• **Exercise directions**:
Below are the entries. Set down exactly the line containing "Some of the text" and each line after it.

• **Exercise inputs**:
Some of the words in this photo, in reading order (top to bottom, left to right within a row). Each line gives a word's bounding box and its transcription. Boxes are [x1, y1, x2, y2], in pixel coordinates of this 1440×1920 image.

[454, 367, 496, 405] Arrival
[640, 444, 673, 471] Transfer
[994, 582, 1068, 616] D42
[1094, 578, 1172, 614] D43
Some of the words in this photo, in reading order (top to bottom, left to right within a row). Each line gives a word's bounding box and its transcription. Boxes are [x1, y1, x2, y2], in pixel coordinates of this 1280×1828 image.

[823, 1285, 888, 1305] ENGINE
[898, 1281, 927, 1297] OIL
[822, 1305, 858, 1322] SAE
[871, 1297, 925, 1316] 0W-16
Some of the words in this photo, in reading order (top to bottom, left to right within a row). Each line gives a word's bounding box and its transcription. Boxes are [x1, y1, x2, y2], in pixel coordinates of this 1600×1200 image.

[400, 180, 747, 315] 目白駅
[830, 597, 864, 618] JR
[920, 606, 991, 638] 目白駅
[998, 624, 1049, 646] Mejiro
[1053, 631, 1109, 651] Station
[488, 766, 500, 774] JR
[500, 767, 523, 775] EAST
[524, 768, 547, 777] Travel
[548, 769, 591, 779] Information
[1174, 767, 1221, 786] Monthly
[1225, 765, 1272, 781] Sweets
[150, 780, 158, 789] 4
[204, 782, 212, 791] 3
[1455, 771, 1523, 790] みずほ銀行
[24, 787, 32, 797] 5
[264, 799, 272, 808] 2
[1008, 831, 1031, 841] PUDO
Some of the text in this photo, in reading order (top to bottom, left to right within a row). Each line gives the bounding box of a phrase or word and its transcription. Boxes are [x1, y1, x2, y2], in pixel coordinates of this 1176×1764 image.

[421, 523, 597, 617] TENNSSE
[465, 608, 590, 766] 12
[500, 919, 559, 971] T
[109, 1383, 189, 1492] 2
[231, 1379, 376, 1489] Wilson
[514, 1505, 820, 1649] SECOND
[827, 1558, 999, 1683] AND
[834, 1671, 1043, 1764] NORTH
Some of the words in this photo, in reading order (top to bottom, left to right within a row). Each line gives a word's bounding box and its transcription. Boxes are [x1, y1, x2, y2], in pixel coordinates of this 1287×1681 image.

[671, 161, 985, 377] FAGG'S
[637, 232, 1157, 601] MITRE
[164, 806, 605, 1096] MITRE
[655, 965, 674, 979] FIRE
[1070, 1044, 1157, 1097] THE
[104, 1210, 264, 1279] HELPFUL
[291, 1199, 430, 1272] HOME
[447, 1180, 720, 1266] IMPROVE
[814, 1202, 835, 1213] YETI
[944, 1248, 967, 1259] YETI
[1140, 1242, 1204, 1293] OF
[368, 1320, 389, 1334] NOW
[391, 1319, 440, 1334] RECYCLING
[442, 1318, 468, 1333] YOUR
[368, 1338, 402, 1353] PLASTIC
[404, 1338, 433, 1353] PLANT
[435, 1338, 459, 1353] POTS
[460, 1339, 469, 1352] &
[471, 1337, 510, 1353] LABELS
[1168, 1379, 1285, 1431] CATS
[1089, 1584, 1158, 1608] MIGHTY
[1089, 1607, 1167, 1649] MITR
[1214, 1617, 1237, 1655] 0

• **Output below**:
Some of the text in this photo, in reading order (top to bottom, left to right within a row). Each line gives the bounding box of a phrase or word and its transcription. Boxes are [x1, y1, x2, y2], in pixel coordinates of this 1176×1764 image.

[421, 523, 597, 617] TENNSSE
[465, 608, 590, 766] 12
[500, 919, 559, 971] T
[109, 1383, 189, 1492] 2
[231, 1379, 376, 1489] Wilson
[514, 1505, 820, 1649] SECOND
[827, 1558, 999, 1683] AND
[834, 1671, 1043, 1764] NORTH
Some of the words in this photo, in reading order (top to bottom, left to right within a row). Each line gives a word's bounding box and its transcription. Boxes are [x1, y1, x2, y2], in pixel coordinates of this 1287×1681 image.

[671, 161, 985, 377] FAGG'S
[637, 232, 1157, 601] MITRE
[164, 806, 605, 1096] MITRE
[655, 965, 674, 979] FIRE
[1070, 1044, 1157, 1097] THE
[104, 1210, 264, 1279] HELPFUL
[291, 1199, 430, 1272] HOME
[447, 1180, 720, 1266] IMPROVE
[814, 1202, 835, 1213] YETI
[944, 1248, 967, 1259] YETI
[1140, 1242, 1204, 1293] OF
[368, 1320, 389, 1334] NOW
[391, 1319, 440, 1334] RECYCLING
[442, 1318, 468, 1333] YOUR
[368, 1338, 402, 1353] PLASTIC
[404, 1338, 433, 1353] PLANT
[435, 1338, 459, 1353] POTS
[460, 1339, 469, 1352] &
[471, 1337, 510, 1353] LABELS
[1168, 1379, 1285, 1431] CATS
[1089, 1584, 1158, 1608] MIGHTY
[1089, 1607, 1167, 1649] MITR
[1214, 1617, 1237, 1655] 0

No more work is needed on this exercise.